LILY from what I read the reason people are forming Mondioring clubs is that they want to get away from the Schuzhund people , that they are too aggressive and have lost their sense of 'fun' and the enjoyment of the dog sport!


----------



## lily cd re (Jul 23, 2012)

Molly that makes a lot of sense. The people I know who really understand and have put schutzhund titles on their dogs around here don't think there are any good clubs for it nearby. They go upstate or to Pennsylvania to find people to train with.


----------



## BorderKelpie (Dec 3, 2011)

MollyMuiMa said:


> LILY from what I read the reason people are forming Mondioring clubs is that they want to get away from the Schuzhund people , that they are too aggressive and have lost their sense of 'fun' and the enjoyment of the dog sport!


That's part of the reason I stopped with Shutzhund. Everyone is all about the titles and the quality of the dogs seems to be dropping. I actually purchased a dog for the sole purpose of titling her in Shutzhund. She was out of titled parents, her sired traveled worldwide to compete. She had terrible nerves and I felt was unsuited for my lifestyle and unstable to have bite training. I sent her back to the breeder (for a total financial loss, too) after she ripped through the chain link kennel twice to go after two friends of mine and the meter reader. Not the kind of animal I want to teach a solid bite to. This breeding for titles only and the obsessive cliquish behavior of the members drove me right back out of there. Shame, too. I love the game of it, I love the tracking and OB, and the decoy is a doll - such a nice guy. Some of the members were ok, but it only takes a few to ruin the fun of it all. 

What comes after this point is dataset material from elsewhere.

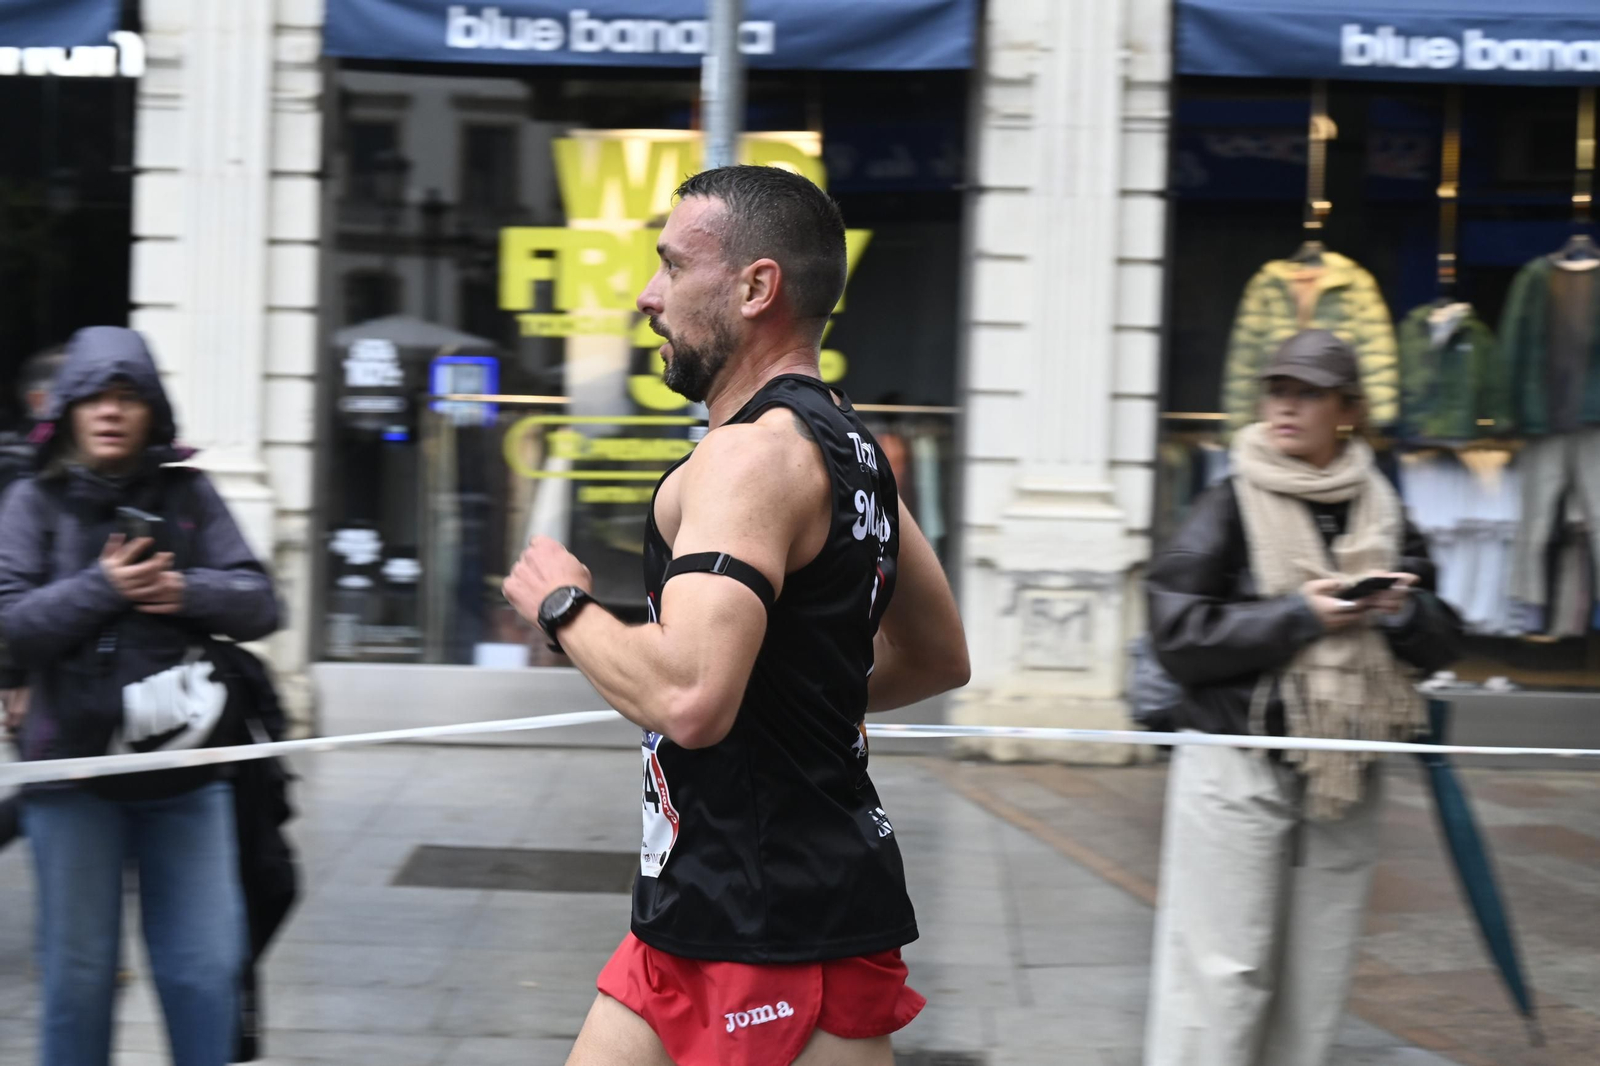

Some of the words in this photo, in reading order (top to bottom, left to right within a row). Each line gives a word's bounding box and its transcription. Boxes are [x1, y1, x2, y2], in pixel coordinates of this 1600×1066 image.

Some of the dogs and the nervous/shyness of a lot of them makes me worry for the safety of people handling them. 

I miss being a member of a training club, but people seem to have lost track of the fun part. Yes, I love to compete, but I just want to join a group of folks who want to train for all sorts of fun stuff and worry about all the points and ribbons later. 

I just need to start my own club, I guess. lol


----------



## MollyMuiMa (Oct 13, 2012)

If you go to youtube and search for the 'Dr Suess Mondioring1' you'll see a big difference....each trial is given a 'theme' and even the 'distractions' in a trial seem to be a play within the theme, and pretty humorous! The focus and obedience of those dogs is amazing! Everybody looks like they are having fun too!


----------



## lily cd re (Jul 23, 2012)

BK do you have a regular obedience and/or tracking club near you? Maybe they would be a nice group. I particularly find the people in my tracking club to be very friendly and supportive. I don't see them too often since the club is in New Jersey, but they are very nice and most of them also do obedience and a couple of them do agility too. They all have wonderful dogs, ranging from a woman with a CT rottie, others with goldens, Mallies, GSD to me with poodles and a new member with a doxie.


----------



## oshagcj914 (Jun 12, 2016)

lily cd re said:


> BK do you have a regular obedience and/or tracking club near you? Maybe they would be a nice group. I particularly find the people in my tracking club to be very friendly and supportive. I don't see them too often since the club is in New Jersey, but they are very nice and most of them also do obedience and a couple of them do agility too. They all have wonderful dogs, ranging from a woman with a CT rottie, others with goldens, Mallies, GSD to me with poodles and a new member with a doxie.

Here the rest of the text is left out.